Senate race candidates focus on student issues

Varad Diwate

Student debt, tuition freeze and economic development are on the agenda for three candidates running in the state senate district 23 race in November. The district includes Ames and neighboring Grant, Milford and Kelley townships.

Democrat Sen. Herman Quirmbach was elected for the third time in 2010 and is once again in the running. He’ll be in the Democratic primary with Cynthia Oppedal Paschen and the winner will be in the race against Republican Jeremy Davis.

According to the Iowa secretary of state website, the district has a total of 43,412 voters with 14,478 registered Democratic voters, 11,053 registered Republican voters and 255 others.

“We have been working on a generally bipartisan basis with the House and the governor to fund the universities, passing education reform and expanding Medicaid in the state,” said Quirmbach.

He said some of his key accomplishments include extending the tuition freeze for the second year in a row, passing the K-12 education reform bill and working on the HIV transmission criminalization bill.

Quirmbach has been chairman of the education committee for twelve years and has a seat on the Education Appropriations Committee that funds the universities. He is also an associate professor of economics at Iowa State during the fall semester.

“For me, it’s a very appropriate mix of responsibilities where more than half of my constituents are ISU students, and the university is the largest employer,” Quirmbach said. “I think you have to be in touch with what’s going on at the university.Being a faculty member, that puts me in a good position to be able to that.”

Quirmbach said his experience in public policy also helps him when he is teaching students.

Quirmbach said projects like the ISU Research Park are important in promoting economic development and helping new graduates get jobs.

“I usually agree with [Quirmbach] and the way he votes,” Paschen said. “There have just been a few issues [on which] I have disagreed with him.” One recent legislation on which she disagreed with him was the regulation of e-cigarettes — she said it didn’t go far enough in taxing the product.

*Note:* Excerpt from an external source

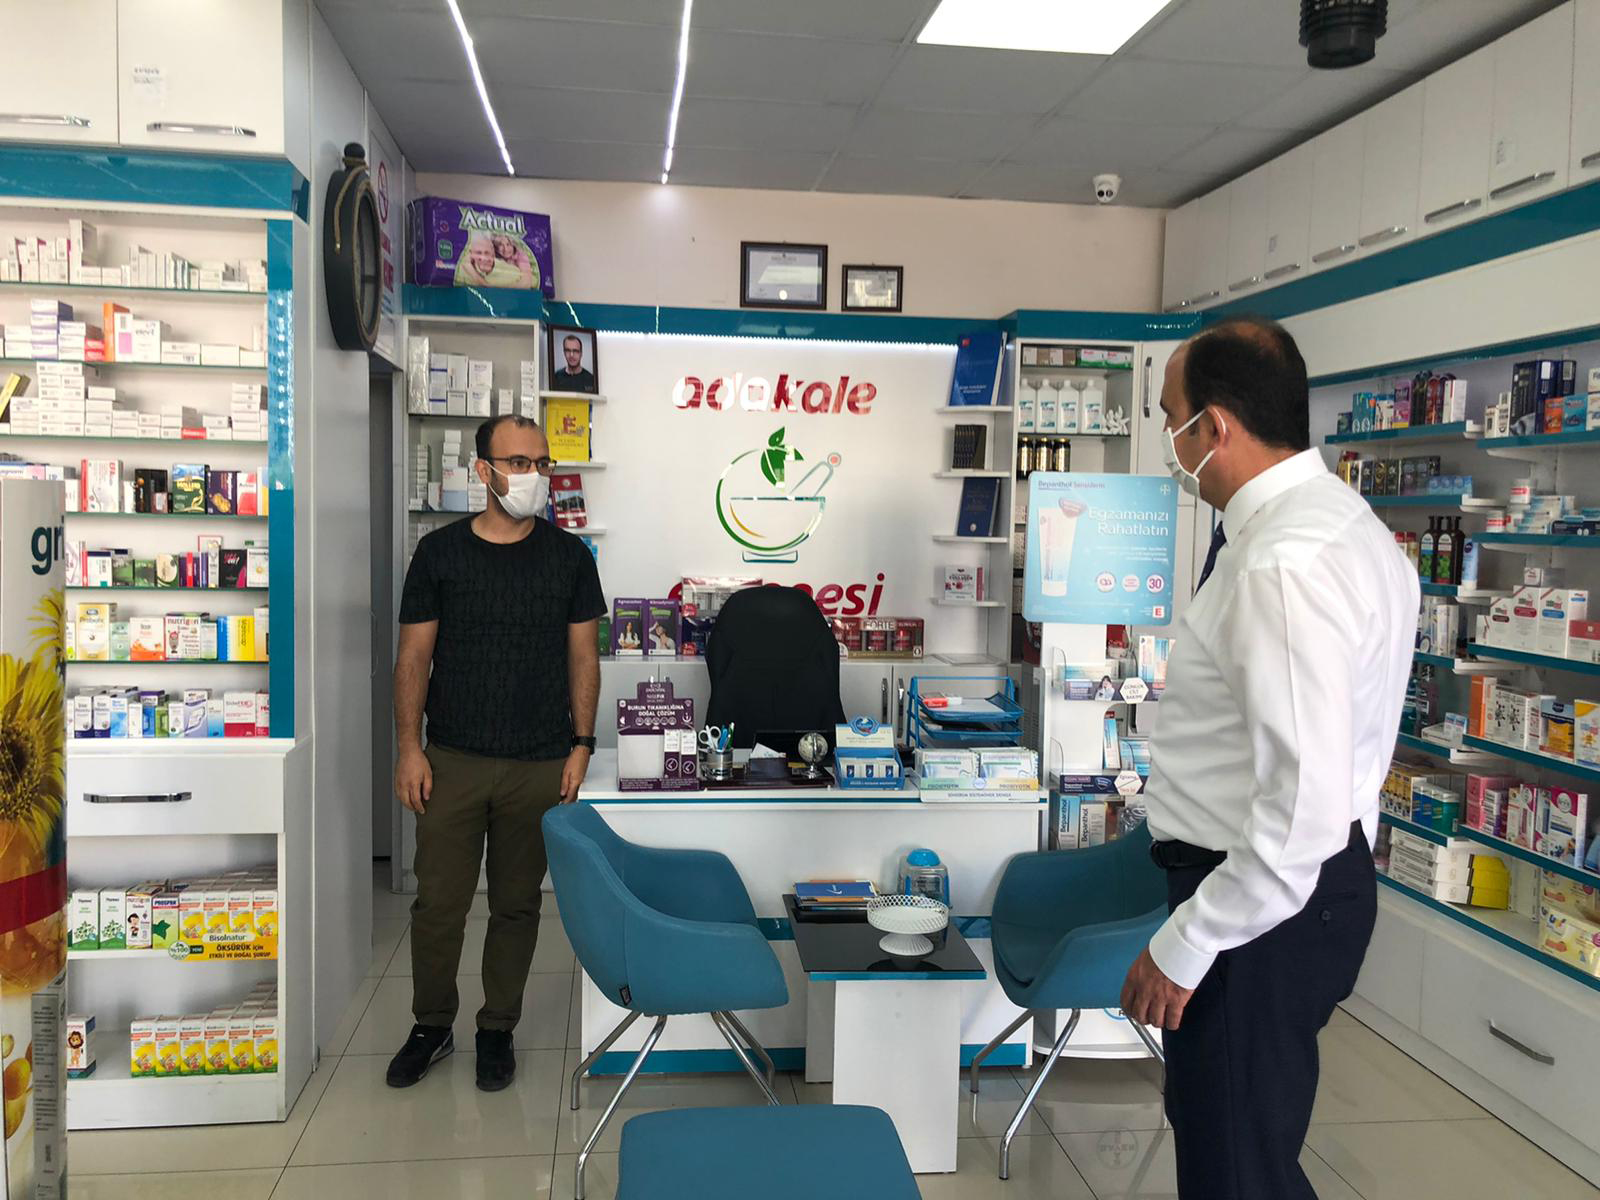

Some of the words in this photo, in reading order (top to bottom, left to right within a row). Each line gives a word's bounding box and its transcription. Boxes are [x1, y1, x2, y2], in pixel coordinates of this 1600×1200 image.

According to her campaign website, Paschen worked for the Iowa Action Network and as a lobbyist for hunger issues after graduating from Iowa State. She has also volunteered for the Ames Public Library, Youth and Shelter Services and local hospices.

She said she has also noticed dissatisfaction with the Continuous Improvement program for the Regent universities as it has translated into a “No Child Left Behind” program for colleges with testing and evaluation measures.

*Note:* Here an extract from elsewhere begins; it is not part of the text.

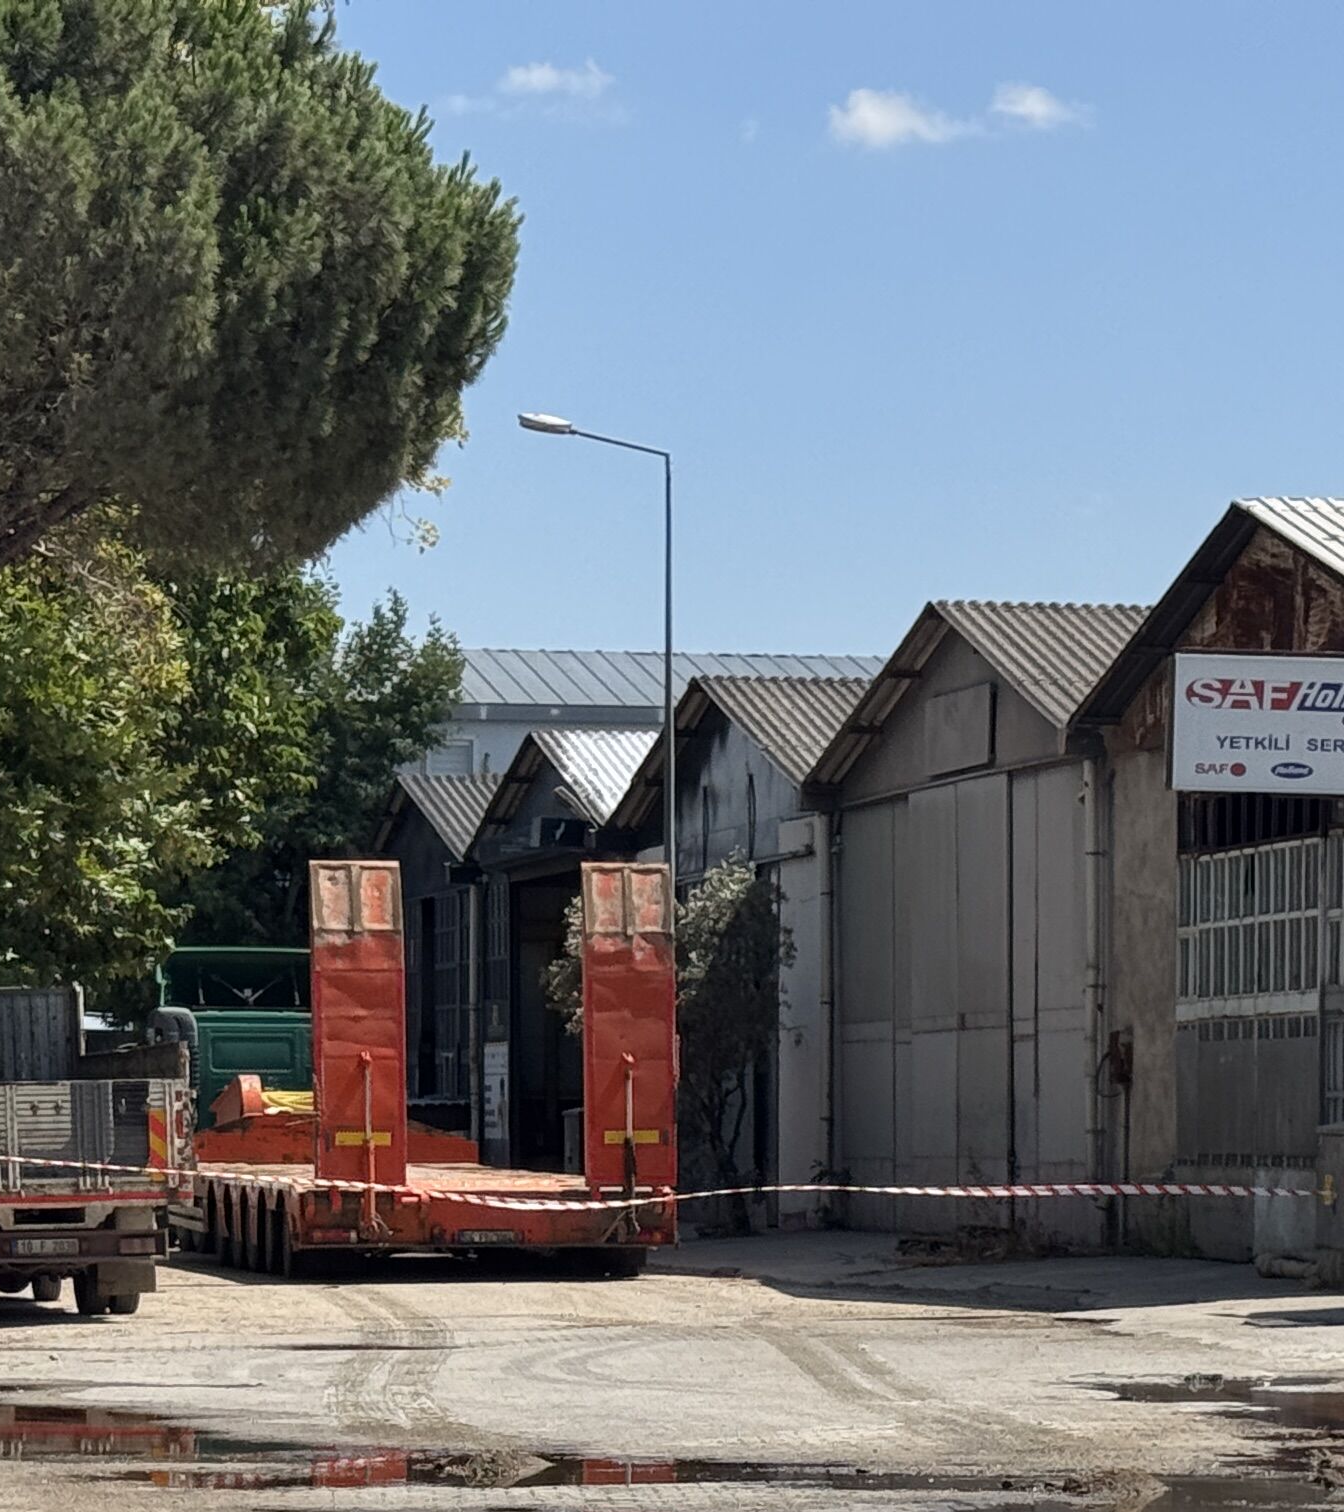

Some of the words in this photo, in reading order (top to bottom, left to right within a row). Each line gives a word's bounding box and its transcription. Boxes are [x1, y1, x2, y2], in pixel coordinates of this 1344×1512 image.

[1189, 678, 1293, 710] SAF
[1216, 734, 1291, 751] YETKİLİ
[1194, 762, 1230, 775] SAF

She said her connection with Ames and surrounding areas from her early days has helped her to become familiar with the needs of the community. Her priorities include working on education and the environment.

“It’s never easy to beat an incumbent,” Paschen said. “But, I am talking to a lot of people who are ready for change.” She said her strengths include listening to new ideas and a willingness to compromise.

All the candidates expressed their support for the tuition freeze that has now been in place for the last two years.

Republican candidate Jeremy Davis said he would focus on private job growth in the state, balancing the budget and reducing student debt. He said he is also looking forward to the regents efficiency study and the ways it could help the university.

“Though some of the recommendations would be implemented internally by the regents, some of the recommendations will need potential changes in state laws and statutes,” Davis said.

Davis said his ability to make a rapport with people to learn their needs and his prior experience in the Ames City Council would be beneficial in the Legislature. He is currently a district representative for Rep. Steve King and has worked as an executive officer with the Iowa College Student Aid Commission.

“In each new election, both the individuals are bringing new priorities, discussions and relationships into the mix. I do not see there being an advantage or disadvantage to challenging an incumbent,” Davis said. “I am looking forward to the challenge.”

The candidates said their campaign plans mostly include knocking on doors and reaching out to the largest number of people possible.

According to Iowa Secretary of State Matt Schultz, early voting for the primary on June 3 started on April 24. Eligible voters in the state can fill out an absentee ballot form addressed to the county auditor’s office or can vote on election day.